- A ANPD emitiu alerta sobre a privatização da Celepar, destacando riscos no tratamento de dados sensíveis no Paraná.
- A preocupação envolve o papel da Celepar no manejo de registros policiais, investigações criminais, dados do sistema penitenciário e outras bases de segurança pública.
- A autoridade pediu maior detalhamento técnico de como os dados serão separados e armazenados, citando que um acordo com o Serpro chegou a ser formalizado, mas não avançou.
- A privatização da Celepar está parada no Tribunal de Contas do Estado e depende de decisão do Supremo Tribunal Federal sobre possível inconstitucionalidade do processo.
- A Celepar é responsável por desenvolver e gerenciar soluções digitais para o governo e cidadãos; a LGPD continua aplicável, mas a venda de sistemas com dados sensíveis é alvo de críticas.
A ANPD (Agência Nacional de Proteção de Dados) emite alerta sobre a privatização da Celepar, estatal de tecnologia do Paraná. A preocupação diz respeito ao tratamento de dados sensíveis armazenados pela empresa, que poderiam ficar sob controle privado após a transferência de gestão. A informação é destacada pela coluna de Lauro Jardim, no O Globo, citando a avaliação da agência.

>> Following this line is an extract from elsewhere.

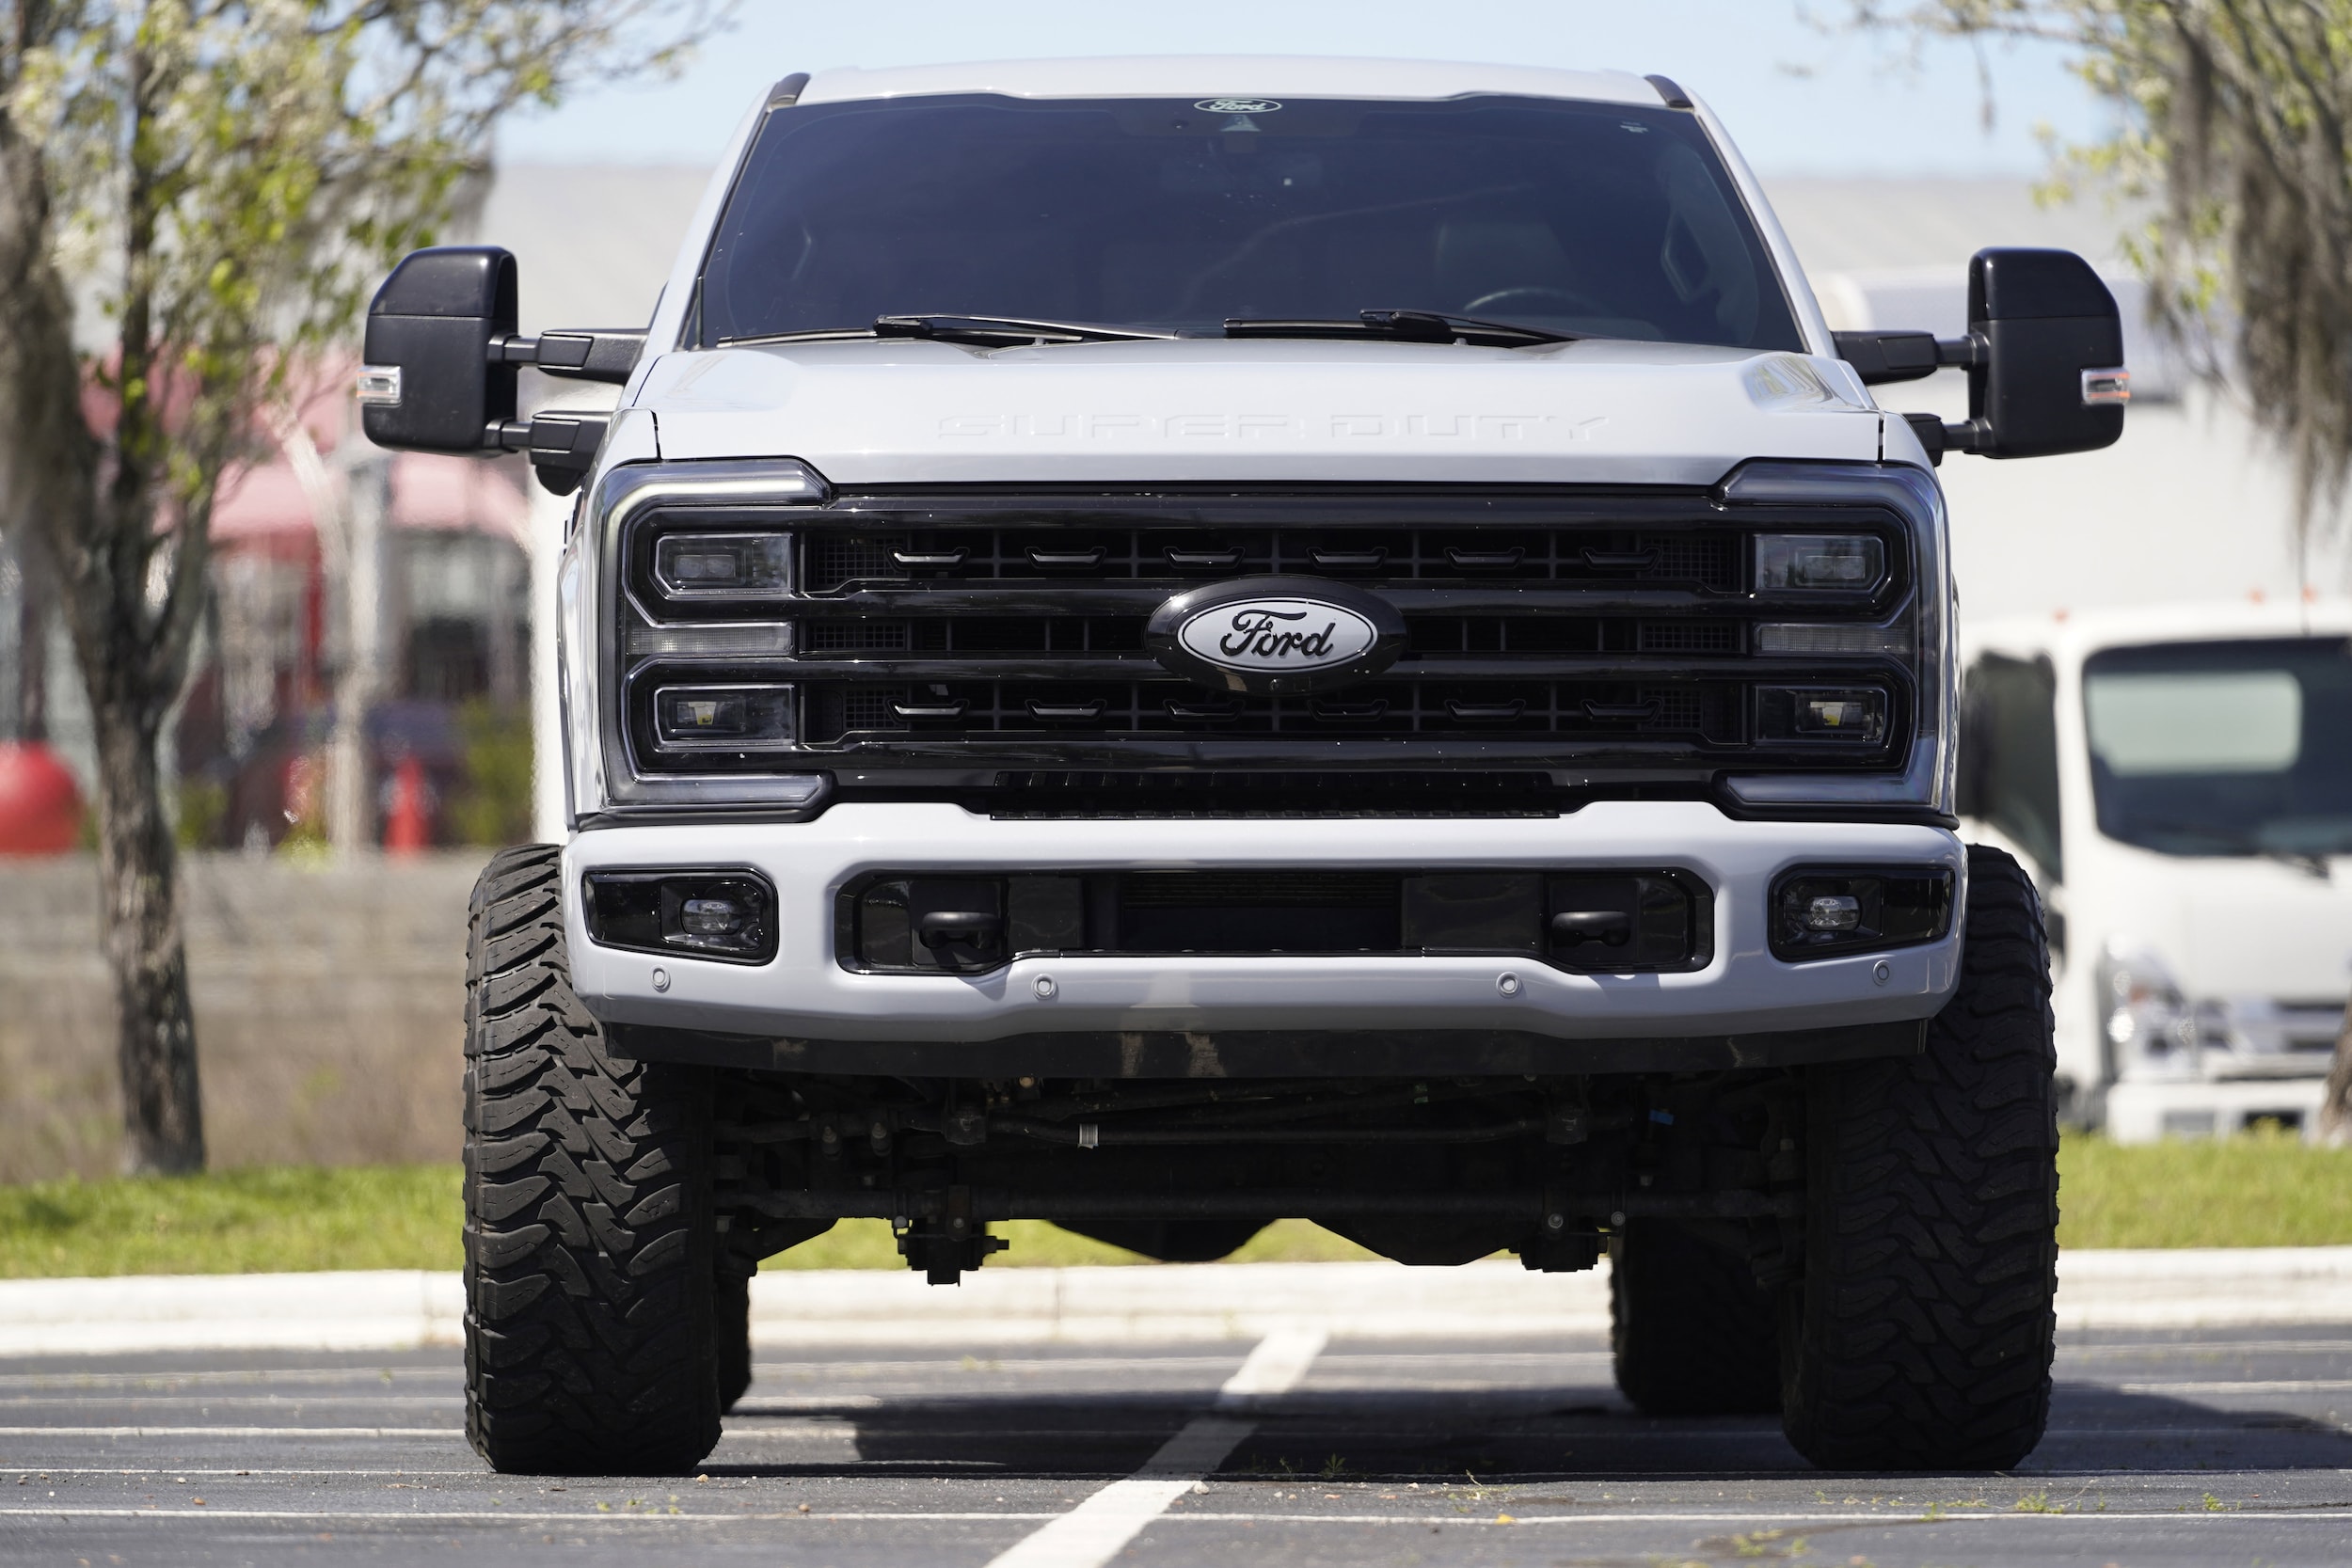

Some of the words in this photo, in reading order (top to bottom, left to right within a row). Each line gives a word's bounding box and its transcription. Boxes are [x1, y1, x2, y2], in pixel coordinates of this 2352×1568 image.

A discussão envolve a transferência de responsabilidades de sistemas críticos, como registros policiais, investigações criminais e dados do sistema penitenciário. A ANPD destacou a necessidade de separar totalmente esses dados da Celepar antes da privatização, o que ainda não ocorreu de forma integral. Também solicitou maior detalhamento técnico sobre armazenamento e separação dos dados.
Situação da privatização
A privatização da Celepar está em fase de avaliação por instâncias estaduais e segue parada no Tribunal de Contas do Estado (TCE-PR). A decisão final depende de encaminhamentos do STF, que analisa questionamentos sobre a constitucionalidade do processo. A denúncia alega riscos legais e de segurança das informações sob custódia da empresa.
A Celepar é responsável por desenvolver, gerenciar e processar soluções digitais para o governo e a população. O projeto de venda mantém conformidade com a LGPD, mas o risco apontado envolve a guarda de dados sensíveis em infraestrutura fora do âmbito estatal. A avaliação da ANPD reforça a necessidade de salvaguardas para dados de segurança pública até a conclusão da privatização.